I found out at my appointment with my oncologist last week that I don’t need anymore chemo! I got a greatly reduced dose (2 days’ worth) for round #7, and that was it. No round #8 for me. I did my 7th round as an outpatient…and I got to experience real chemo side-effects for the first time. Ugh, now I know what I was “missing”. I think I know why I missed them, too. When I got my chemo as an inpatient, I always got loads of fluids when I wasn’t actively receiving chemo. This time, I got a little, but not nearly as much…and I just couldn’t drink enough to make up the difference.

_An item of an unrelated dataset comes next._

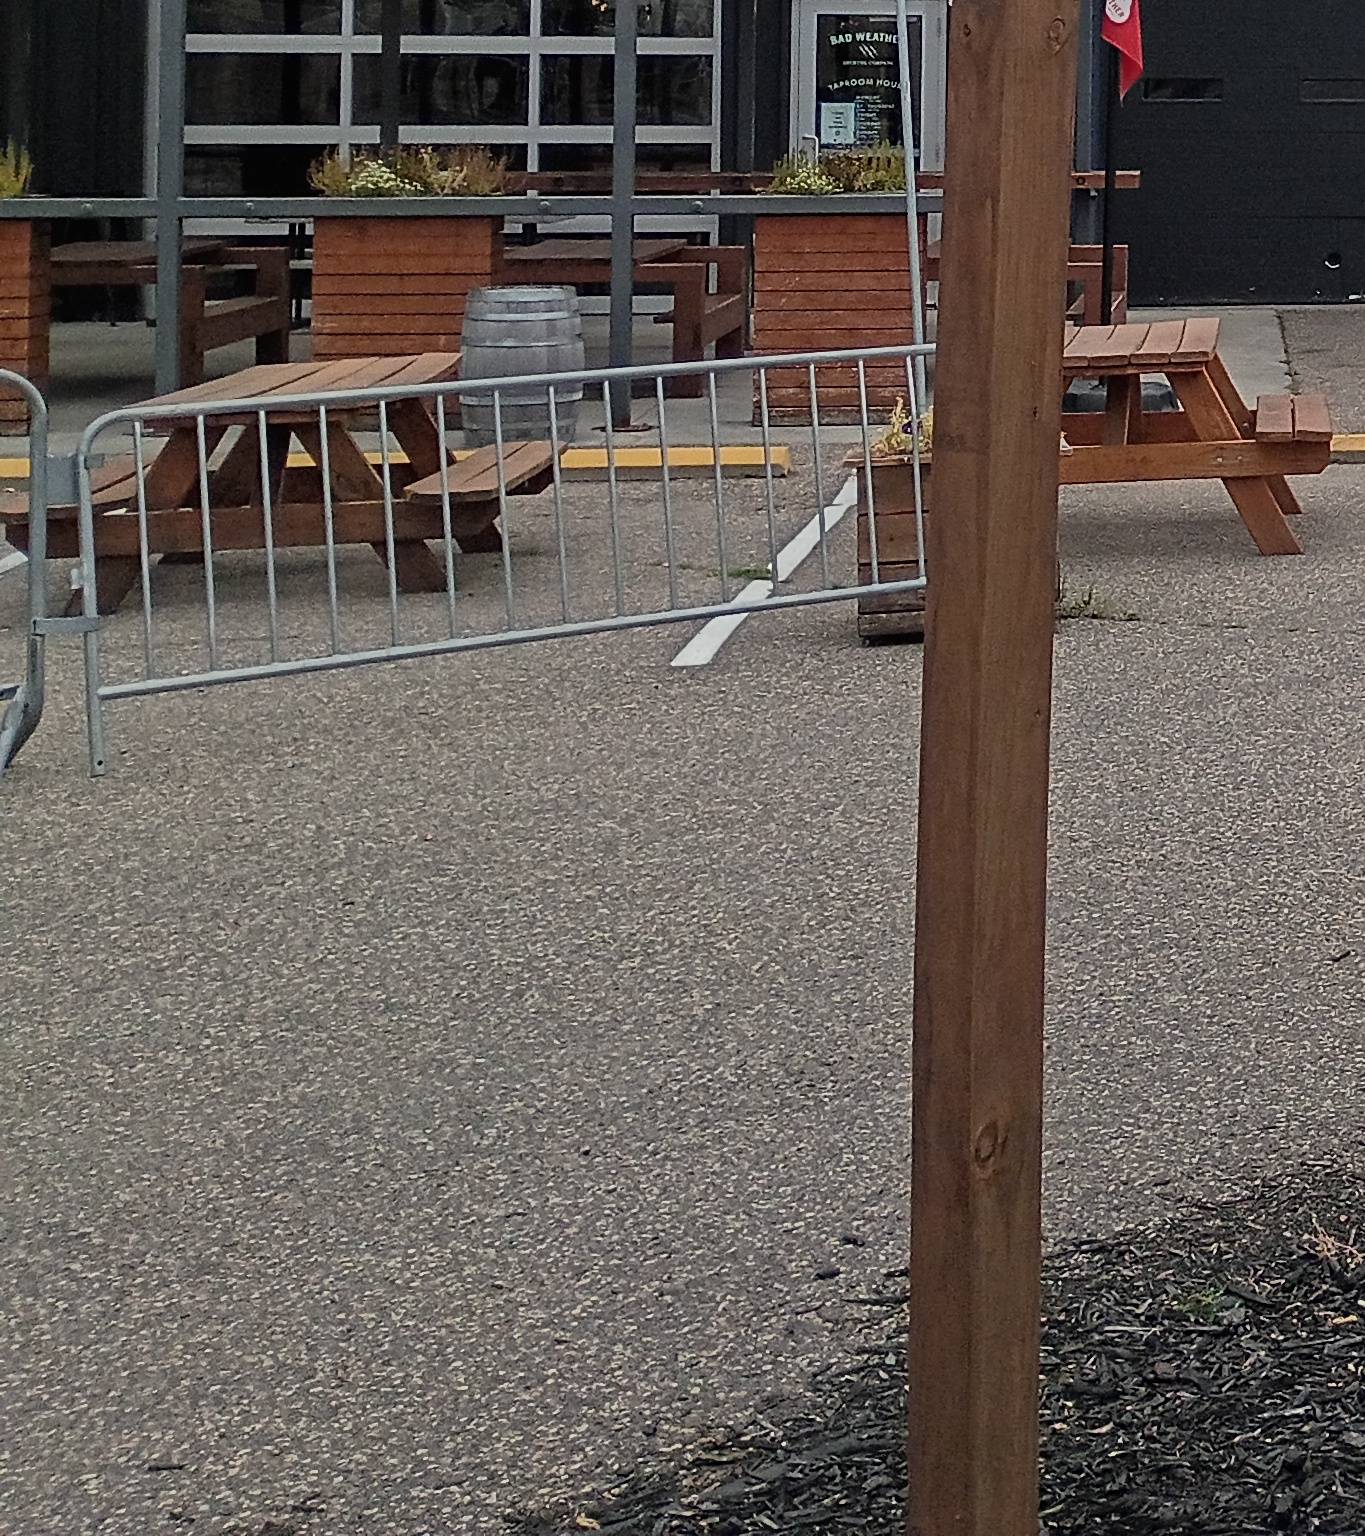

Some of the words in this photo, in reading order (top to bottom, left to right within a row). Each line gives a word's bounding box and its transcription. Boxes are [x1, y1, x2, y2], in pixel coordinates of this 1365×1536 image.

Receiving the chemo was interesting, too. I’d go into one of the outpatient treatment centers (they’d do injections, transfusions, chemo, all sorts of things) and get my dose of fludarabine. When that was done, they’d hook me up to the cytarabine and this tiny little battery powered portable pump set on a timer to give a certain dose. They’d send me out the door at that point with the cytarabine set to run at a specified time and the pump in a little shoulder bag. Then I could go out and do what I wanted…and sleep in a MUCH more comfortable hotel bed.
But in addition to being told that was my last chemo treatment, I was told that in roughly 6-8wks, I’d get my central line removed. The specific date would depend on when my red cell counts returned to normal. So when I am no longer anemic (which will be the first time in 10mo), I get the central line out. Oh that will be a great day! Furthermore, my oncologist told me it’d be okay to return to classes for my master’s degree program. Wow. I was hoping for that, but now that I am allowed to do it, it’s awesome!
I still have some details to iron out to register for classes for next semester, but I don’t think that will be a problem…just paperwork. Excellent! Here’s hoping for a permanent recovery!